--- Records provided ---

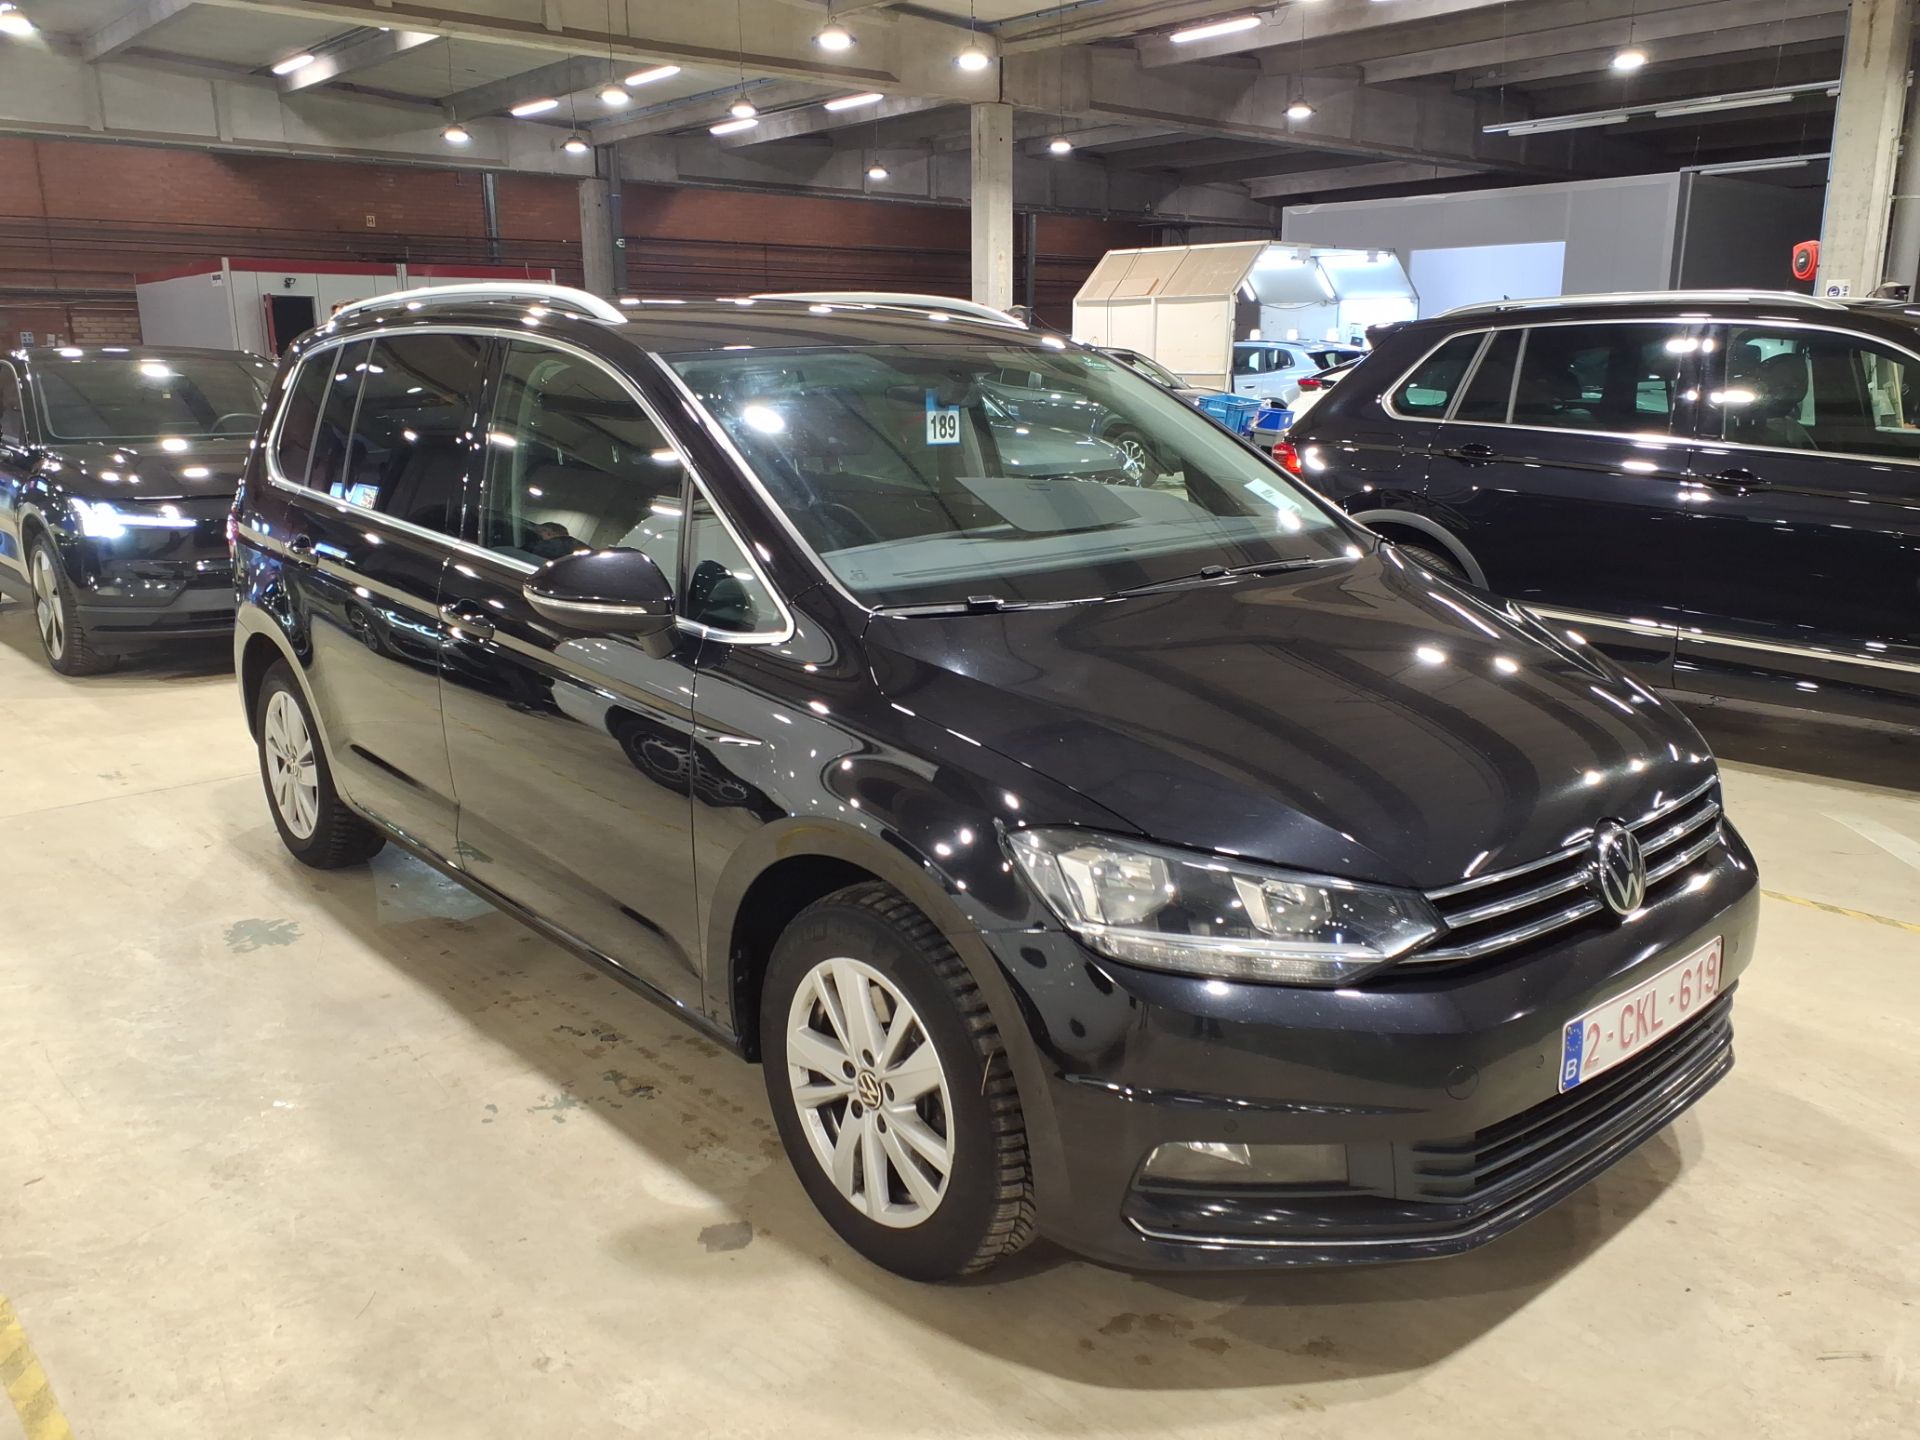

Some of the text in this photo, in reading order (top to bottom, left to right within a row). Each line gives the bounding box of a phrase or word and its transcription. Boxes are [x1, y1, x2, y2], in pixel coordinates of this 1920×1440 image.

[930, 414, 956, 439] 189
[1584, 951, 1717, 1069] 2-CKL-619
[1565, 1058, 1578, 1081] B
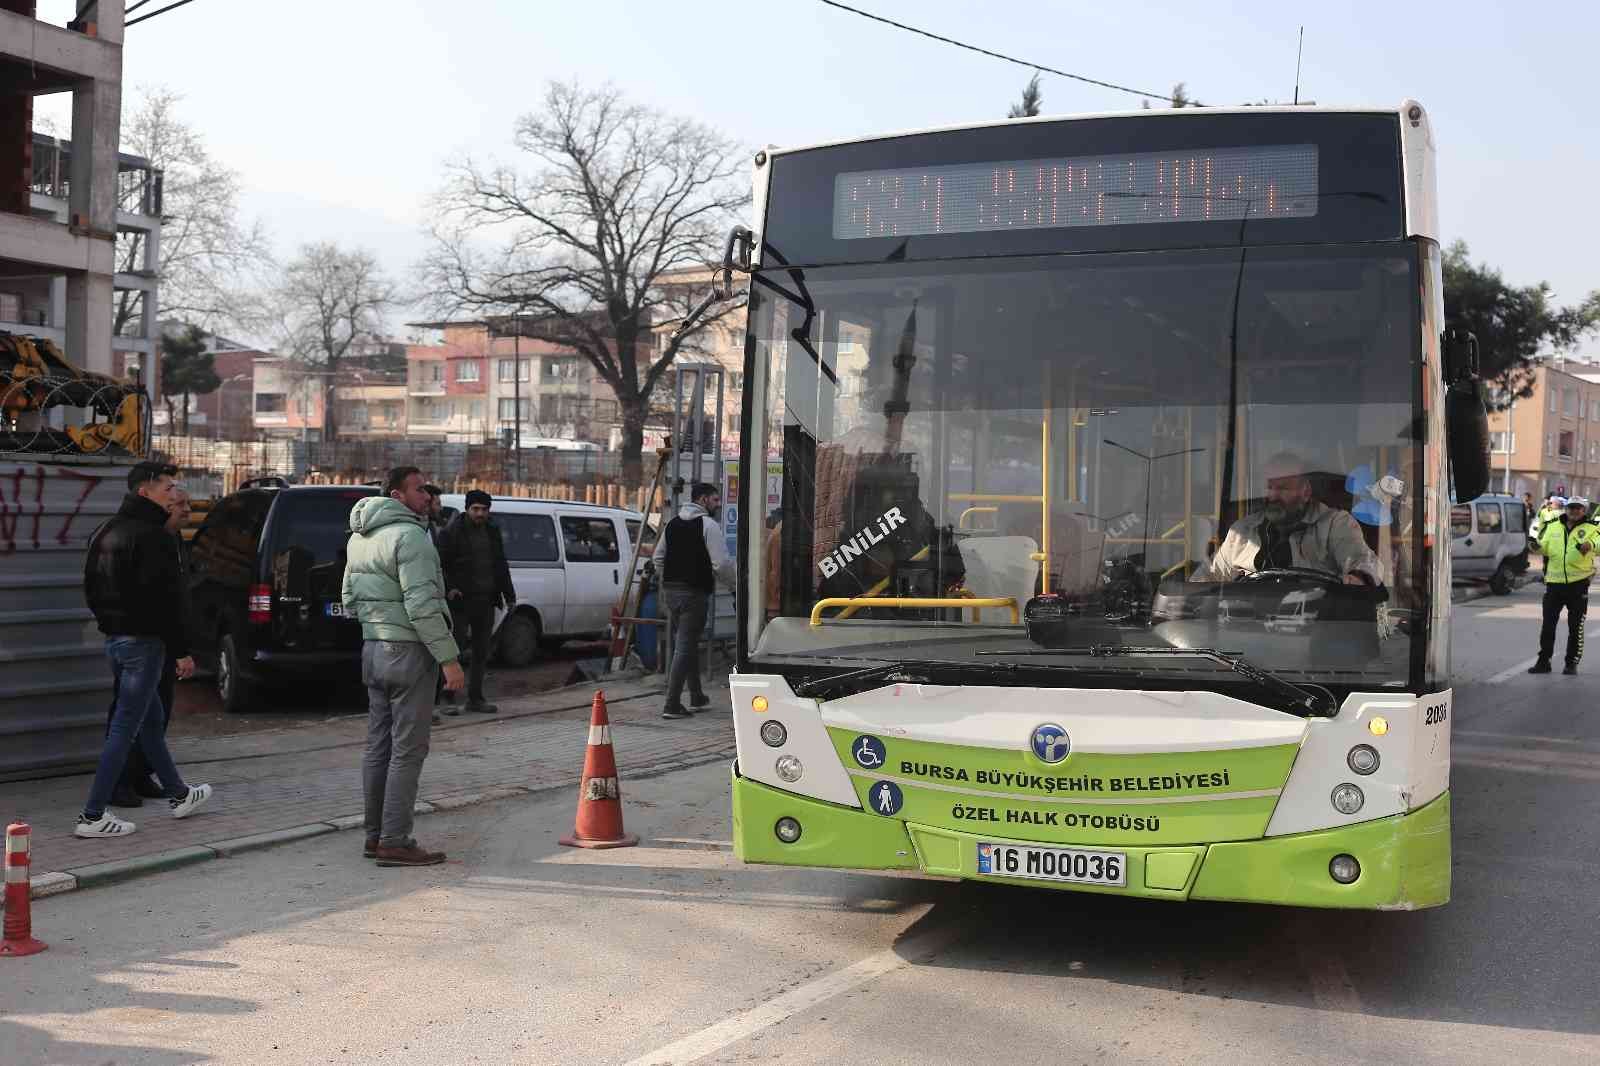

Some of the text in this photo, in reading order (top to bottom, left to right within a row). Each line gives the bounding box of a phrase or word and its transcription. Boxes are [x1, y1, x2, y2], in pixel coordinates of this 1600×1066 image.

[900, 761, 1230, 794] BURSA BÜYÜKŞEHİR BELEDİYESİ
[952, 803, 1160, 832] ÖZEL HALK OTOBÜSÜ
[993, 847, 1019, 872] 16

---

Task instructions: Each record above goes into the copy word for word; the pictures do not.

Final answer:
Some of the text in this photo, in reading order (top to bottom, left to right within a row). Each line gives the bounding box of a phrase or word and its transcription. Boxes are [x1, y1, x2, y2], in pixel coordinates of this 1920×1440 image.

[930, 414, 956, 439] 189
[1584, 951, 1717, 1069] 2-CKL-619
[1565, 1058, 1578, 1081] B

Some of the text in this photo, in reading order (top to bottom, left to right within a row). Each line gives the bounding box of a phrase or word and its transcription. Boxes are [x1, y1, x2, y2], in pixel coordinates of this 1600×1066 image.

[900, 761, 1230, 794] BURSA BÜYÜKŞEHİR BELEDİYESİ
[952, 803, 1160, 832] ÖZEL HALK OTOBÜSÜ
[993, 847, 1019, 872] 16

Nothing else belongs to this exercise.